It is common knowledge that heart failure patients who closely manage their disease either avoid hospitalization altogether or greatly reduce their likelihood of being admitted to the emergency department. So when Detroit's Sinai-Grace Hospital realized that less than two percent of its heart failure patients were following up with their in-hospital heart failure clinic each year, they took action. If the patients wouldn't come to them, they would go to the patients.

Since much of Sinai-Grace's patient population is older, and a significant percentage is uninsured, helping avoid costly hospitalizations is important for both the patients and the hospital.

The Healthy Heart Team

"We realized that there was a significant difference between the heart failure patients seen in our multidisciplinary clinic, and those who were being treated in physician offices," says Paru Patel, Pharm.D., administrative director for quality and clinical resources and director of pharmacy services at Sinai-Grace Hospital. "Our clinic patients had fewer emergency department visits and fewer hospitalizations.
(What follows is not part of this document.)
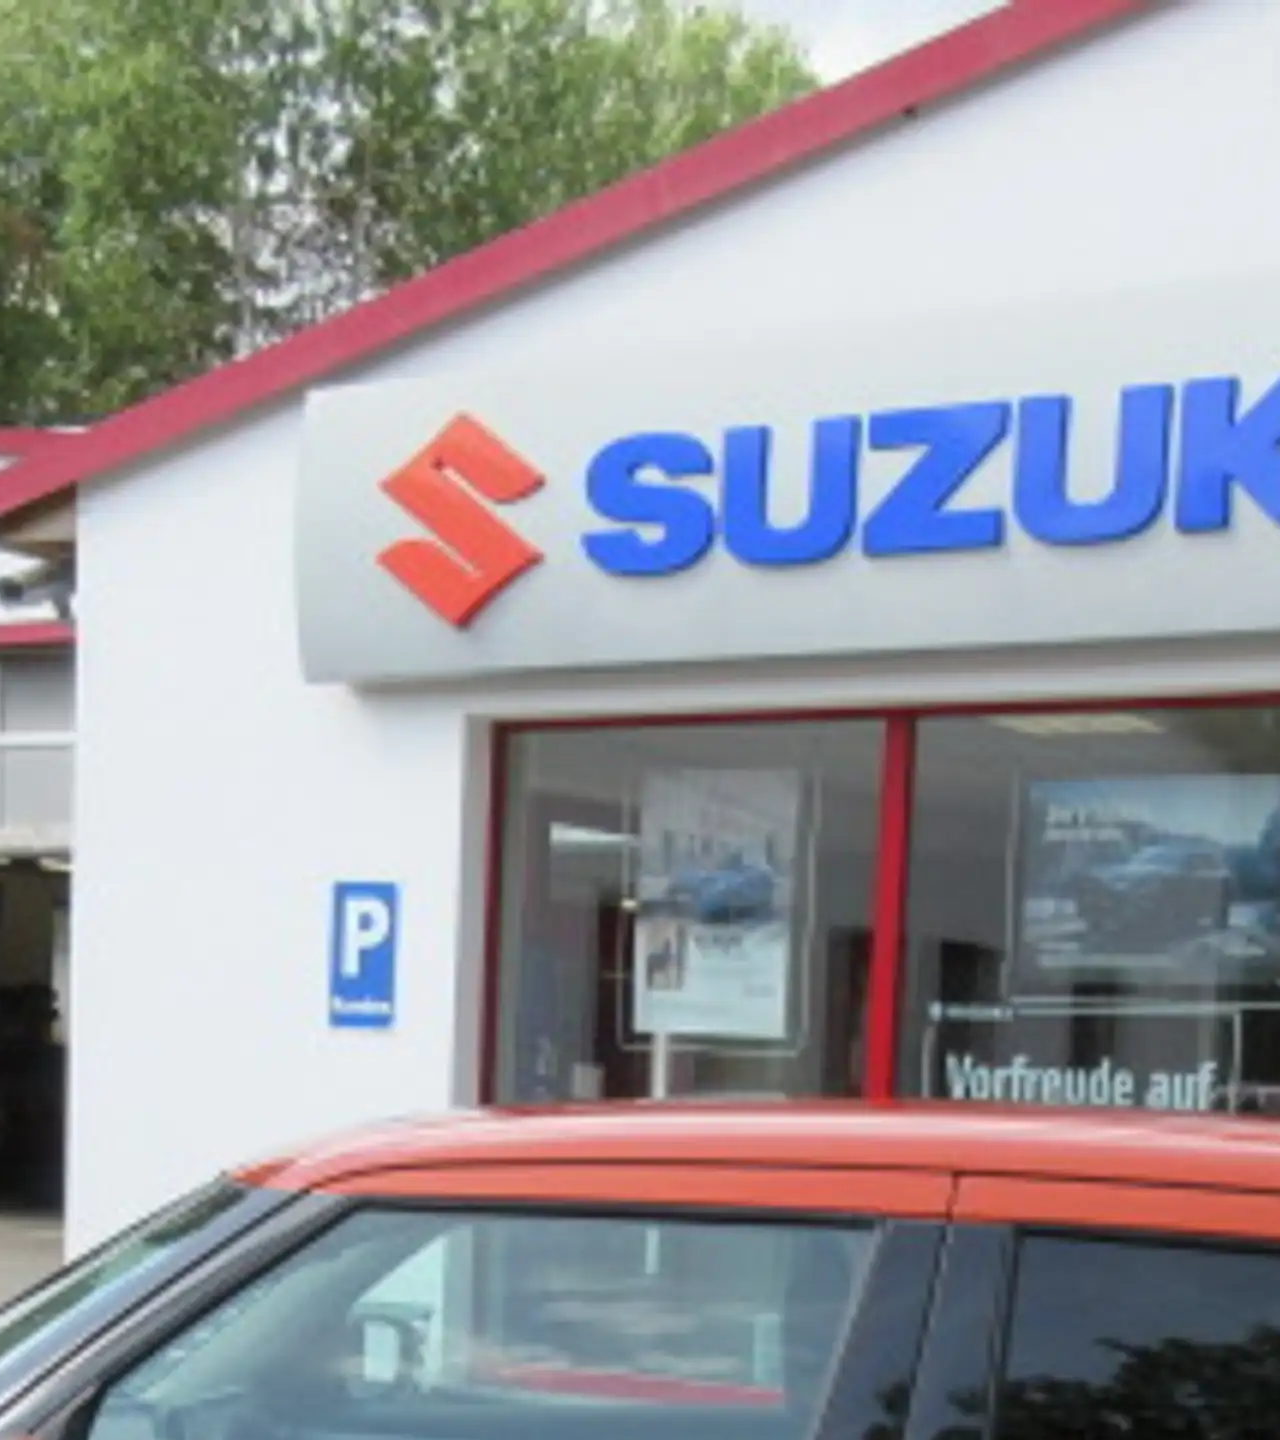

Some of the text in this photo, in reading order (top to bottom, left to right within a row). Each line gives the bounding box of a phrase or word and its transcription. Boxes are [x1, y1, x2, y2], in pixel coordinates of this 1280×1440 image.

We decided to reach out directly into the community to provide the care they needed, in their neighborhood."

The result is a multidisciplinary, community-based Healthy Heart Team (HHT) consisting of a nurse, pharmacist and social worker. The full-time, salaried staff from Sinai-Grace rotates among four locations in the community, including a church, community center and two senior living facilities, providing heart failure patients with:

• Disease education
• Medication education
• Medication formulary review
• Diet/nutrition review
• Weight management techniques
• Smoking cessation assistance
• Appointment transportation assistance
• Guidance on local resources and programs
• Enrollment assistance in local social services programs
• Assistance with social problems or concerns

Using wireless laptops to register patients and access medical records, the team closely tracks patients over time. Patients and staff record blood pressure, cholesterol, weight, lipid profile and more in a Healthy Heart Passport so that patients are aware of changes that could affect their condition and result in a hospitalization.

Signs of Success from Doctors and Patients

In order to complement, rather than compete with, care directed by the patient's primary or cardiac care physician, Sinai-Grace developed the HHT Collaborative Practice Agreement–whereby physicians authorize the HHT to join them in managing the care of their heart failure patients.

"The key word is 'collaborative,' which underscores that we're in this together," says Dr. Patel. "We wanted to be sure that the document reflected an equal partnership between physicians and the Healthy Heart Team."

Just a few months into the program, more than 45 physicians have signed the agreement. The team is now seeing nearly a full roster of patients, so the hospital hopes to put additional teams into the community soon. The program should reduce the number of heart failure patients who visit the emergency department or are readmitted to the hospital within 30 days.

"Ultimately, we have to tie success to fewer emergency department visits and fewer hospitalizations," says Dr. Patel. 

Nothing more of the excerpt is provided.